紅い邪眼を持つ黒髪のサガは、もう一度カノンに告げた。
「その男に手を出していいのは、私とシュラだけだ」
こちらのサガの意味する手出しとは、殺すと同義に他ならない。少しだけ複雑な顔をみせたアイオロスの身体の上から、カノンは「チッ」と舌打ちしてどいた。そして無言のまま、サガと入れ違いに表へと出て行く。
その姿を見送ってから、サガはアイオロスに冷たい視線を向けた。
「もう一人の私だけではなく、弟まで誘うとは良い度胸だなサジタリアス」
「ええ!?俺が誘った事になるのか!?ていうか、いつになったら君のほうも俺の名前を呼んでくれるのかなあ」
ソファーから身を起こしたアイオロスは胸元を整えた。何事も無かったかのように人の良い笑顔でサガを見る。その表情はいつものサガへ向けるものと何ら差異はなかった。

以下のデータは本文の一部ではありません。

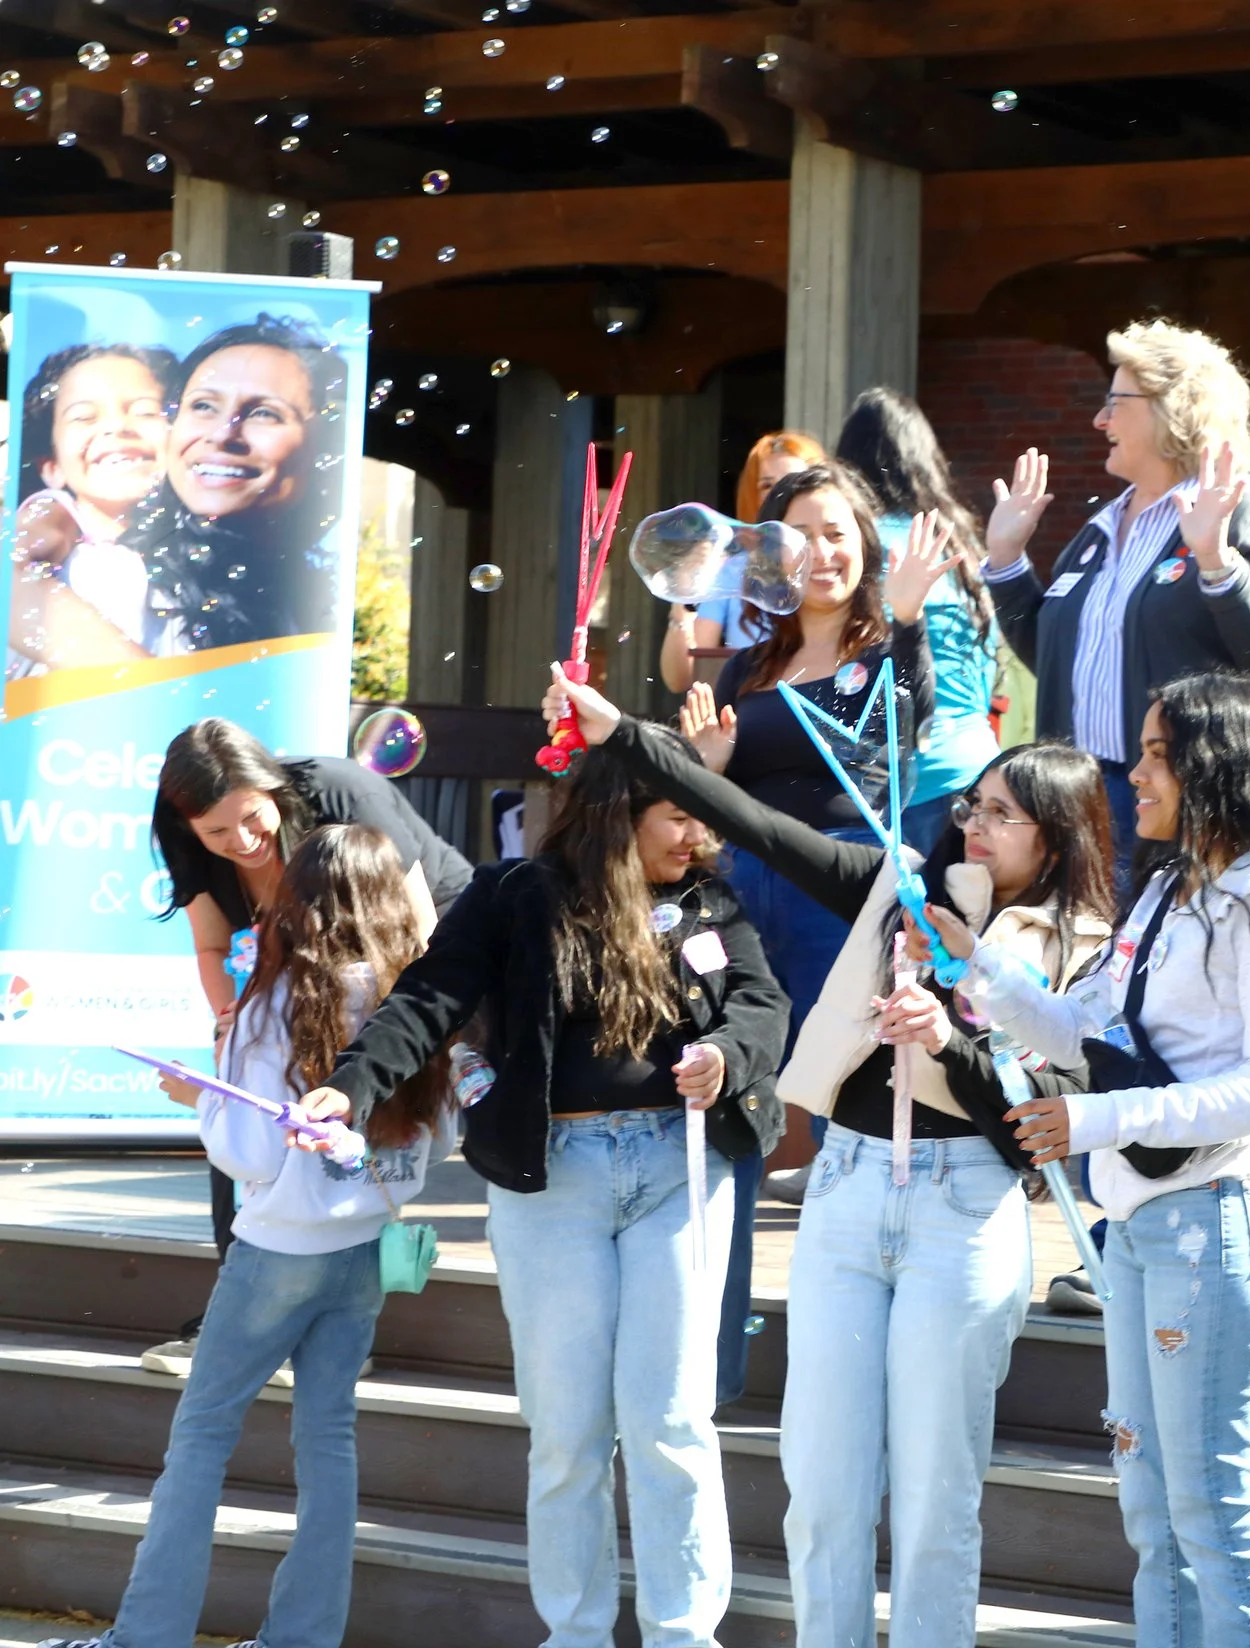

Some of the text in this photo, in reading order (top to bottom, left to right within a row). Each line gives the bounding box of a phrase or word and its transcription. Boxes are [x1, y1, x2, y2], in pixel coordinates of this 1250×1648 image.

[37, 738, 166, 790] Cele
[1, 799, 154, 850] Wom
[89, 870, 131, 914] &

「貴様が教皇になったあかつきには、猊下と呼ばずに名前で呼び捨ててやろう」
「本当か!楽しみにしているよ」
「皮肉も通じんのか」
「皮肉でも嬉しいからさ。俺が教皇になったときには補佐に任命するので宜しく頼むよ」
黒髪のサガは、隠すことなく思いっきり嫌そうな顔をした。アイオロスはニコニコと続ける。

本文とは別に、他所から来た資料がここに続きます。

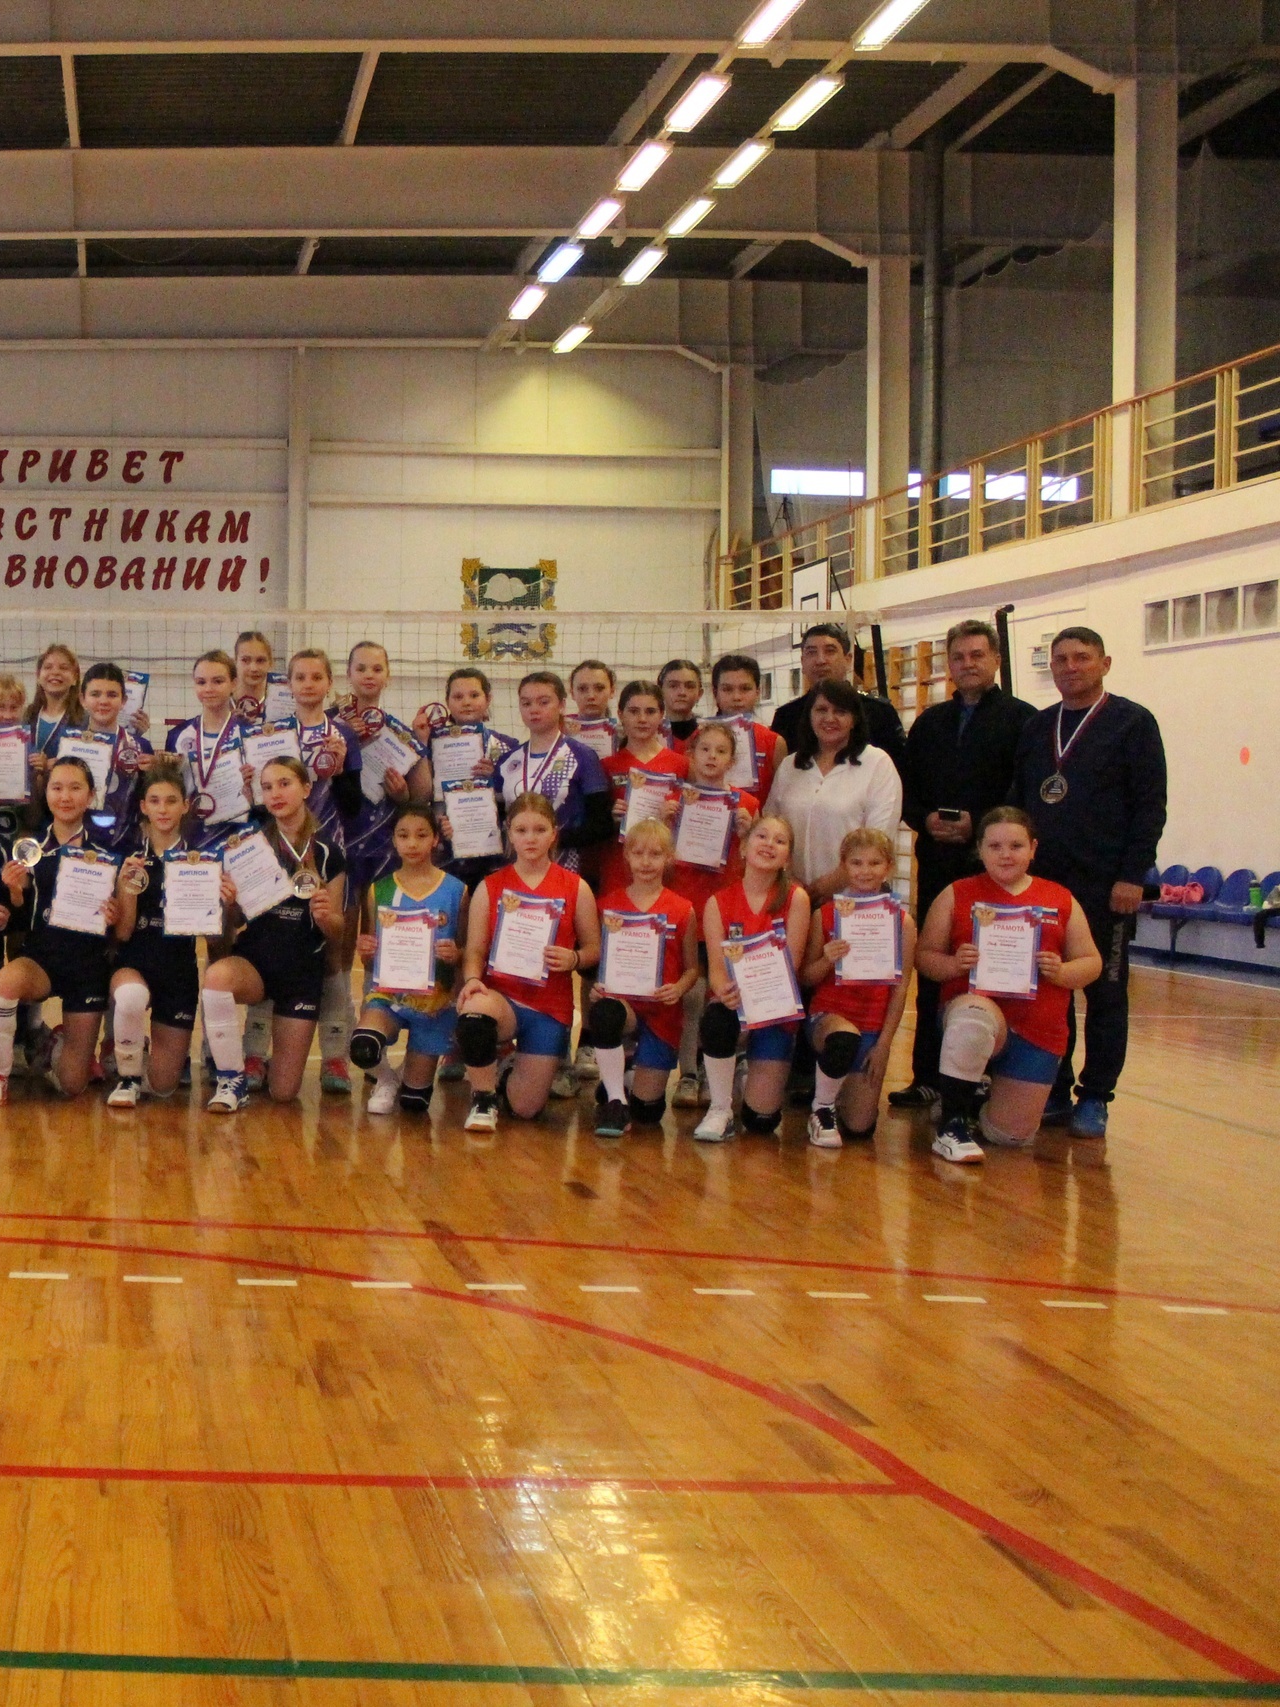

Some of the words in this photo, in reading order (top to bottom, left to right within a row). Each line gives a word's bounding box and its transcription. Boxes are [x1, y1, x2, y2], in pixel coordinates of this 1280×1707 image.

[257, 739, 285, 750] ДИПЛОМ
[443, 741, 470, 749] ДИПЛОМ
[71, 747, 100, 756] ДИПЛОМ
[457, 796, 484, 804] ДИПЛОМ
[696, 804, 723, 813] ГРАМОТА
[72, 866, 103, 877] ДИПЛОМ
[516, 912, 544, 923] ГРАМОТА
[621, 931, 651, 939] ГРАМОТА
[745, 951, 775, 963] ГРАМОТА

「実際、俺とサガが組んだら歴代最強の聖域になりそうな気がするんだよね」
「13年前にそう言っていれば、貴様を殺さずに済んだものを」
「いやいや、アテナを排除するのは無しだから」

そろそろ夕飯の時間だった。アイオリアが待っているであろう事を思い出してアイオロスは腰を上げた。先ほど出て行ったサガの弟も、自分が双児宮を離れればそのうち戻ってくるだろうと考えることにする。
帰りしな、アイオロスはこれだけは言っておかねばと振り返る。

「ああ、そうそう。俺が誘うのは君だけだから、サガ」

サガがどんな顔をしていたのかは、黒く長い前髪に隠れてよく見る事は出来なかった。